Significantly, it's possible for human beings to be reborn as gods in heaven, and given the unlimited time-scales of Buddhist cosmology, all of us have been gods at some point. (Traditional Buddhist gods are mortal, albeit extremely long-lived.) All of us have been hell-demons too. That's the attitude that Buddhism tries to impart: when we see an insect walking along, we should think "Been there, done that."
 
spidergoat,

It's like the question ''does god exist'', there's no amount of external proof of evidence that can convince anyone. Either you accept it (instead of belief), or not.
Most emphatically no, not in this case. If reincarnation works as people say it does, and people can remember their past lives, it is theoretically possible to confirm their story.


Jan said:
Either way it doesn't matter..
Like whether God exists?



Jan said:
But what represents the ''incarnation''?
IOW how does the philosophy account for the 'mind' and/or 'personality'?
Presumably the body is what is incarnated into (if that make sense).
In Zen Buddhist philosophy, the mind is only thought, and thought comes from culture.
 
The traditional Indian answer to that one is that most rebirths aren't human rebirths. I'm most familiar with the earlier Buddhists and will use them as my example. Buddhists say that being born as a human is very auspicious and not something to be wasted, because enlightenment is easier to attain as a human than it is from most other states of rebirth.
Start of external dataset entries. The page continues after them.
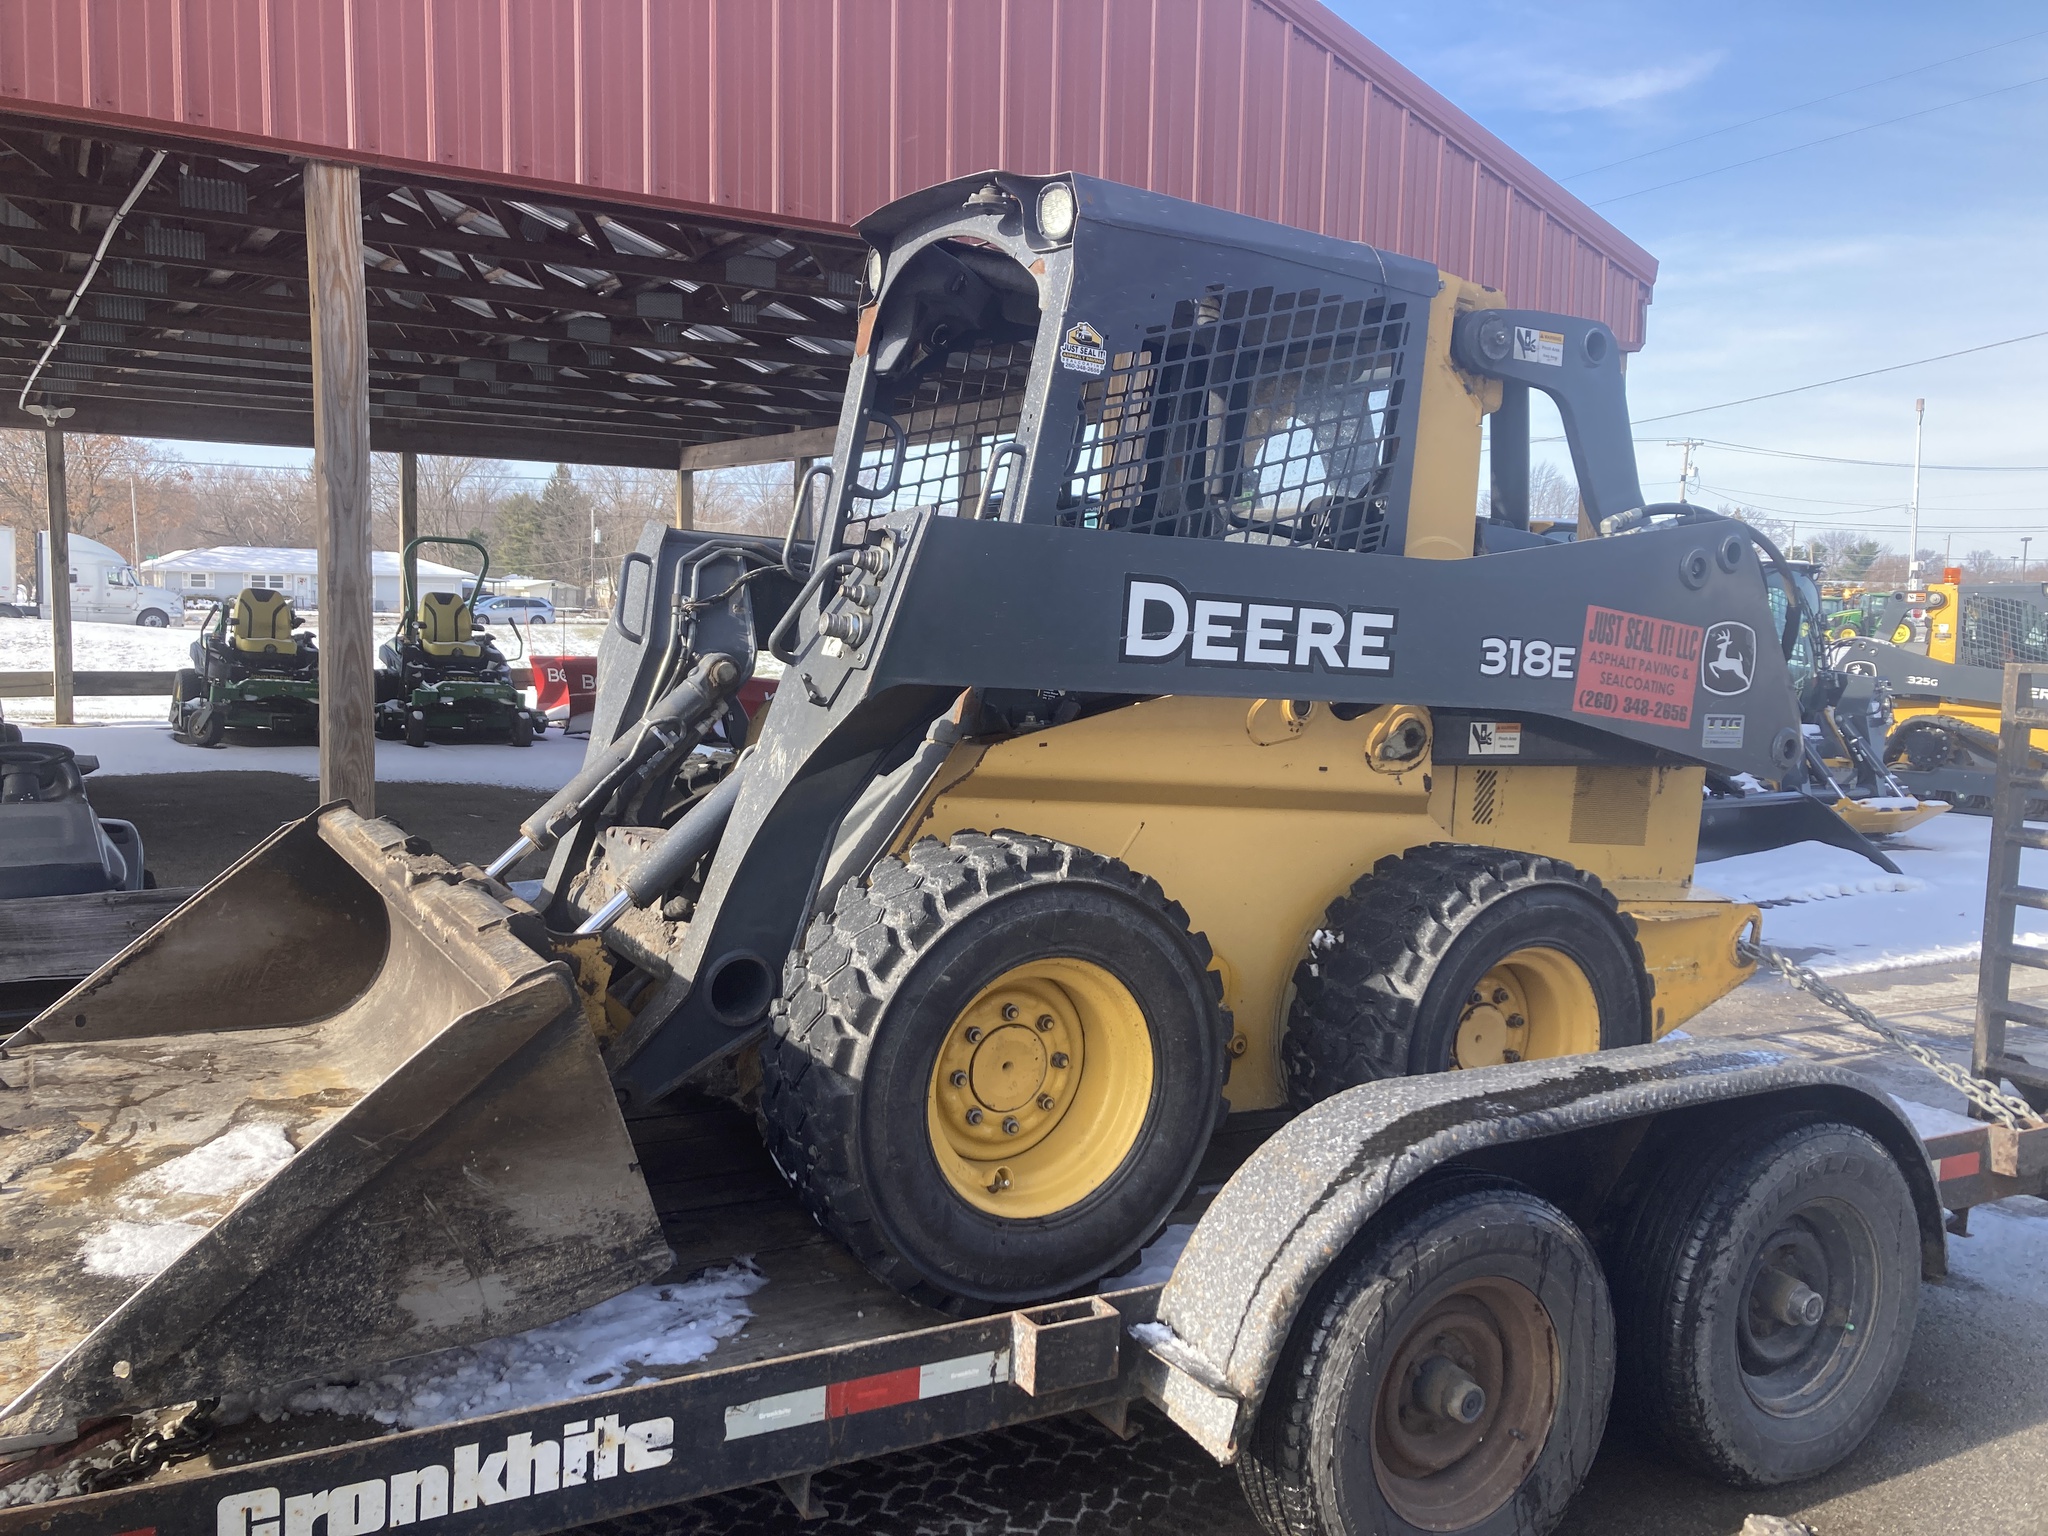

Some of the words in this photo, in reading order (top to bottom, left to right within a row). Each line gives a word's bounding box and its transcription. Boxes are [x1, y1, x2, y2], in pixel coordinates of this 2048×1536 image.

[1062, 344, 1078, 353] JUST
[1080, 347, 1096, 356] SEAL
[1098, 351, 1106, 359] IT!
[1062, 357, 1104, 370] SEALCOATING
[1124, 580, 1395, 671] DEERE
[1588, 610, 1625, 647] JUST
[1624, 617, 1655, 653] SEAL
[1657, 623, 1676, 657] IT!
[1675, 627, 1699, 662] LLC
[1480, 637, 1576, 679] 318E
[1588, 650, 1638, 671] ASPHALT
[1638, 658, 1680, 678] PAVING
[1681, 667, 1689, 680] &
[1599, 671, 1676, 696] SEALCOATING
[1905, 675, 1939, 687] 325G
[1578, 689, 1619, 714] (260)
[1622, 696, 1689, 722] 348-2656
[1706, 716, 1743, 730] TTG
[216, 1413, 675, 1536] Cronkhite
The Buddhists traditionally say that all sentient beings are reborn according to their karma. That includes all the animals, from insects to us, and it's common and routine to move from one to the other. Not only that, they also traditionally believed that there are an unlimited and potentially infinite number of other world systems out there, all with their own loads of inhabitants.

And perhaps most significantly, the Buddhists gave everything a 'vertical dimension', imagining a whole hierarchy of multiple heavens and hells, representing ontological states of being analogous to the various psychological states that individuals can attain (or descend to). The heavens are kind of ontological analogues to the various jhanas of meditation for example. Traditionally, rebirths can (and typically do) occur in these higher and lower 'planes' as well as on this earthly one.
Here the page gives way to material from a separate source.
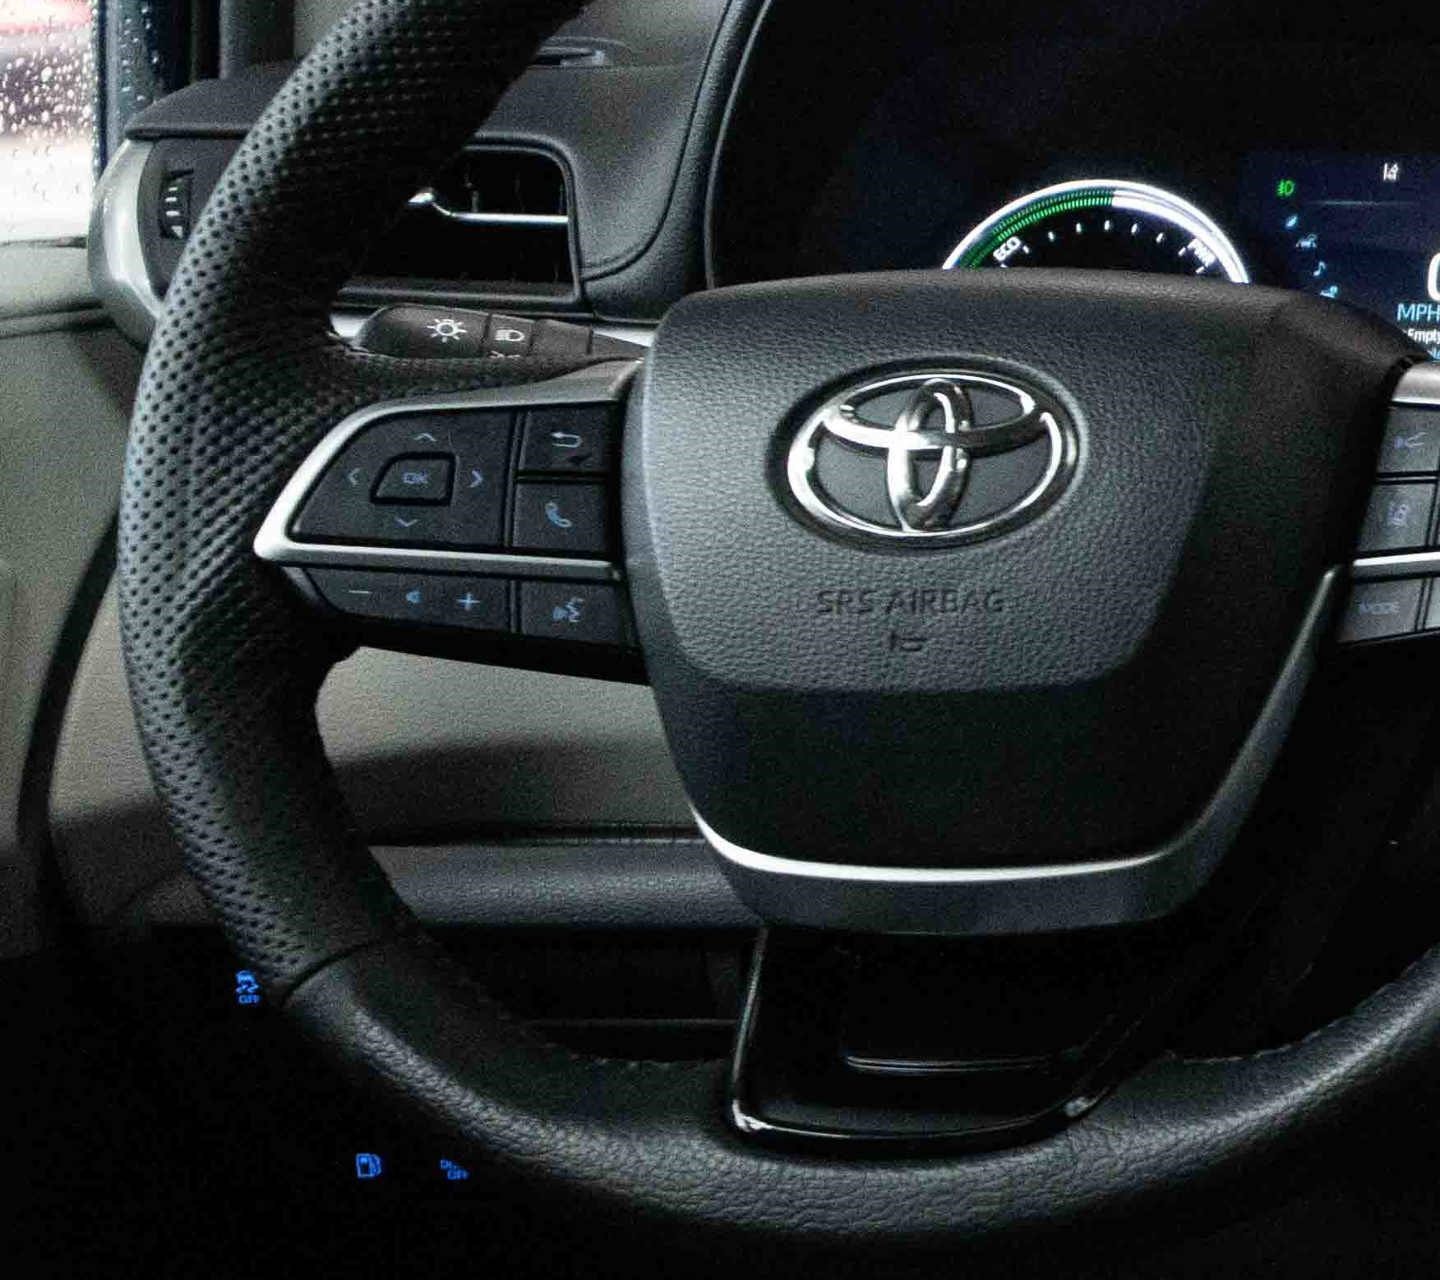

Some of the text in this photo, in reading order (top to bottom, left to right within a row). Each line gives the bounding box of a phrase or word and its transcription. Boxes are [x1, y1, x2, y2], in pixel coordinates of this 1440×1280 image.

[992, 235, 1021, 261] ECO
[1396, 303, 1440, 322] MPH
[817, 587, 1003, 615] SRS AIRBAG
Significantly, it's possible for human beings to be reborn as gods in heaven, and given the unlimited time-scales of Buddhist cosmology, all of us have been gods at some point. (Traditional Buddhist gods are mortal, albeit extremely long-lived.) All of us have been hell-demons too. That's the attitude that Buddhism tries to impart: when we see an insect walking along, we should think "Been there, done that."


Yaz, that explanation was so nice, that I found the last highlighted statement
hard to believe. It kind of put me in the mind of ="http://www.youtube.com/watch?v=sLB-uMPj27s"]this.

Why have you discarded it?

jan
 
You do know that belief in Christianity and belief in reincarnation are incompatible?
 
I personally believe in reincarnation, but not the orthodox kind. My belief is based on Zen Buddhism which implies that the thing we think of as our own thought patterns are actually inherited from culture. And our bodies are based on ever recycling molecules. So, the body gets born again out of the mother, father and the food she eats, and that body's mind fills with the culture in which it finds itself.

My views are influenced by Theravada, but I feel free to improvise around some of the traditional ideas. In particular, I try to bring the psycho-spiritual insights of ancient Buddhism into harmony with the naturalism of the modern scientific worldview.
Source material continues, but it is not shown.